Thierry is, sad to say, not much better. He has the classic disdain for commons that every true libertarian has but sadly seems to lack the technical knowledge to correct Dean. He flails wildly and misunderstands what open access regulations are about. They are attempts at fixing the distortions caused by government granted monopolies and, as such, should be looked at as halfway houses to true infrastructure competition, not a dose of socialism in a robust capitalist market. Then he compounds his error by randomly shooting his mouth off about movements he obviously understands little about. The problem is that cyber economics has odd characteristics. There is a tremendous amount of unused capacity in our machines and in our networks. This drives people to make rational capitalist, free market decisions that would look utterly insane in the physical world. In on-line social forums, people actively encourage free riders for sane reasons. The word of mouth advertising value far exceeds the cost of their free riding but both are too small to bother measuring most of the time so it comes out looking and sounding like socialism when in reality it's a special case of capitalism that uses very specialized shorthand.

Weinberg is not much better. He does a semi-creditable job of tearing into Thierry but he is both in error in dismissing private property (which is what most of the Internet Infrastructure is) models and in characterizing the Internet as a set of protocols. I can run these protocols on my own network without being related to the Internet in any way. Once I have subscribed to the principles of carrying traffic and internetworking the specific collective called the Internet, I have joined the Internet even though I may not run TCP/IP on my own network but will encapsulate it/translate it into whatever I'm actually running as a network protocol.

It's this sort of fuzziness that makes non-technical free market theorists worry. They've never had peering agreements explained to them properly. They don't understand how "free" traffic flow is just a monitored settlement mechanism that just charges when there are persistent traffic imbalances between networks that exceed the cost of collections. It's as socialist as check clearinghouses.

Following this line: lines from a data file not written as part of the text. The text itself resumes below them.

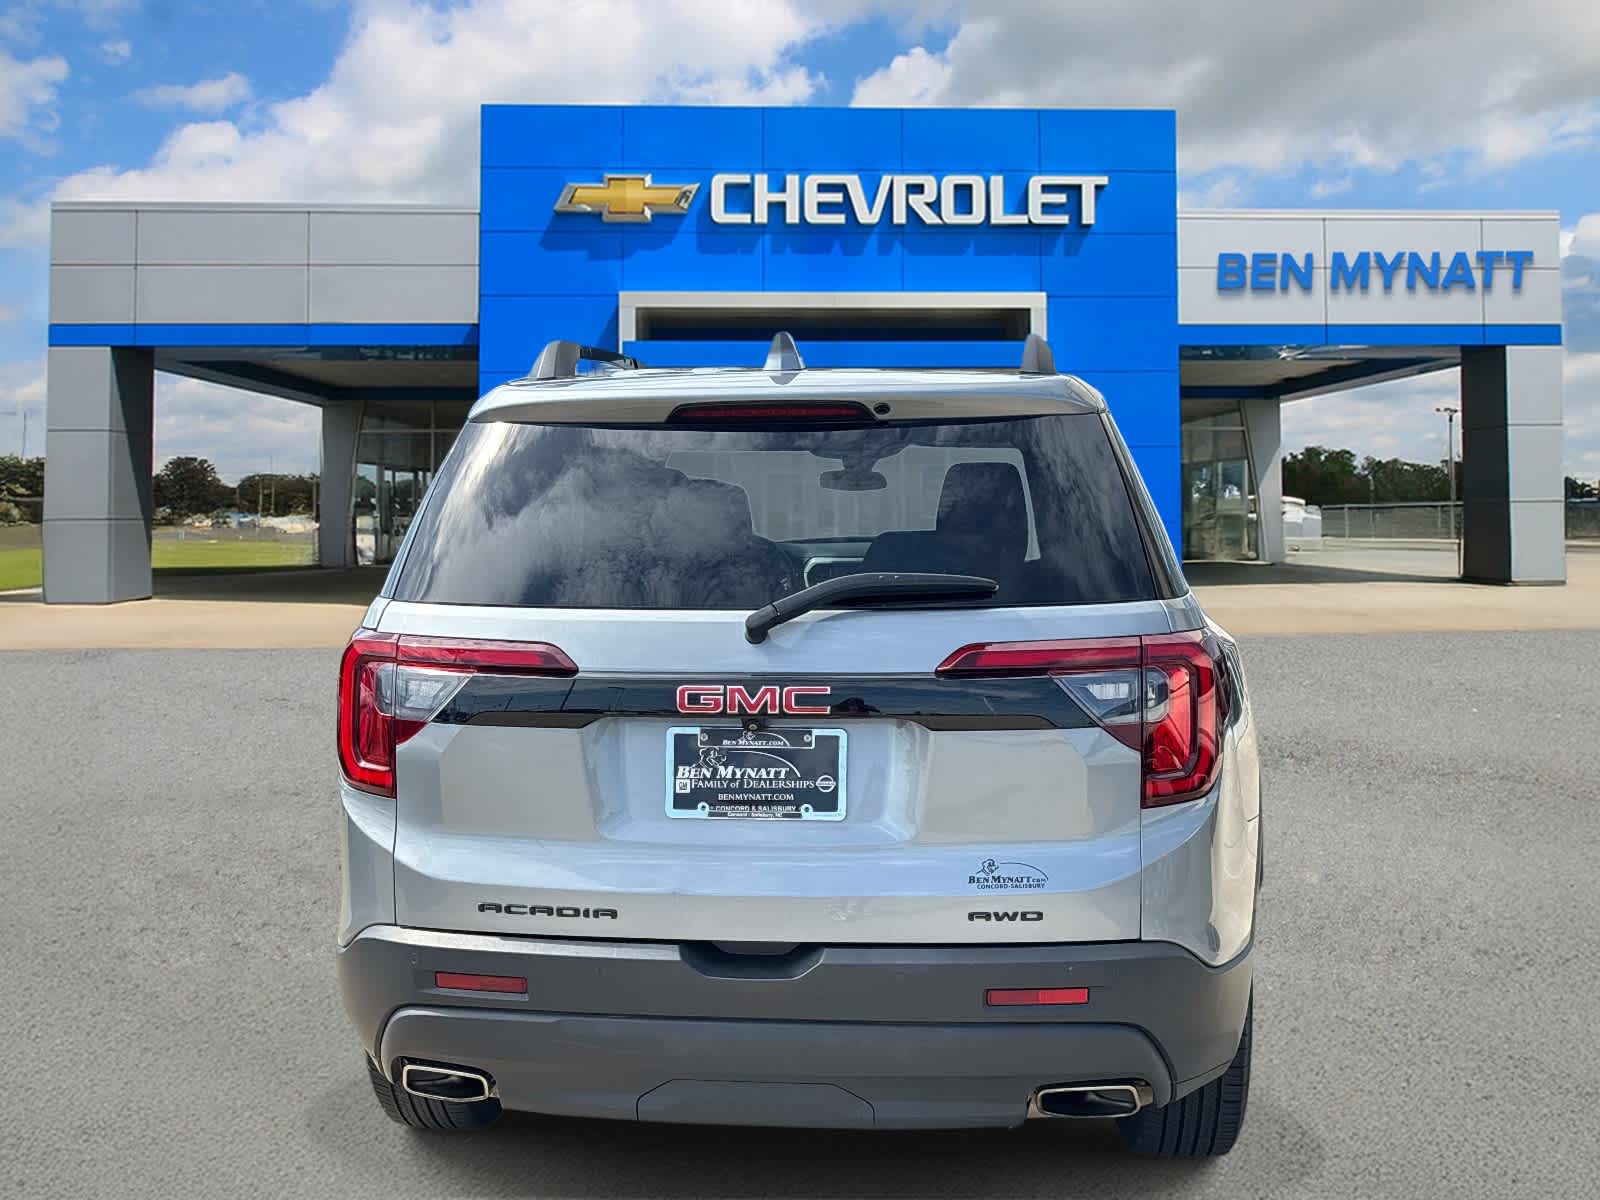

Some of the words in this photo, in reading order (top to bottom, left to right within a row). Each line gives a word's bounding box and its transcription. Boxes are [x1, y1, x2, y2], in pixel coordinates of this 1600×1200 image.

[710, 174, 1109, 225] CHEVROLET
[1217, 252, 1313, 291] BEN
[1330, 250, 1534, 290] MYNATT
[677, 685, 831, 714] GMC
[676, 766, 713, 779] BEN
[716, 766, 789, 779] MYNATT
[691, 779, 728, 789] FAMILY
[730, 780, 740, 788] of
[743, 779, 815, 789] DEALERSHIPS
[718, 793, 794, 801] BENMYNATT.COM
[968, 876, 990, 884] BEN
[477, 902, 618, 919] ACADIA
[968, 912, 1043, 921] AWD

Larry Lessig's contribution to this snafu is even more disappointing as not only does he have a law degree but he has made something of a national name for himself in the field. The protocols do not define the Internet. You do not have a degenerate case of an Internet when you have only one network running TCP/IP protocols. You have no internet because you are not inter (between) networking at all. You have to have at least two networks for the smallest case of an internetwork and considerably more before you can seriously label your collection of nets an internet and not get chuckles. The term Internet, by common usage, is only capitalized for the biggest worldwide internet. If almost everybody on the Internet voluntarily dropped off one day, changed their protocol stacks on all their equipment and joined a new set of networks with completely different protocols, but the same principle of carrying traffic, the few remaining networks on the old system would no longer be the Internet. The new network would justifiably claim that title. The appendix network would be an internet still, but not the Internet.

If there was venom in Thierry's assault on Lessig, Lessig returns the favor in classic snippy net style. Dollar signs instead of s's to imply a commercial sell out to the man! is just old. In place of education and clearing the air, he makes it much more likely that he'll have a persistent fight on his hands.

Finally, Howard, at Smart Mobs, ties the whole stinking mess together on the blog and adds his own small contribution to the mess, capitalist baiting. The Internet is not a commons. If it were, there would be no peering arrangements. You wouldn't be able to drop people from the net for abusing net policy. You would have a very unhealthy, unstabled, unuseful structure groaning under the weight of even more abuse than the present structure.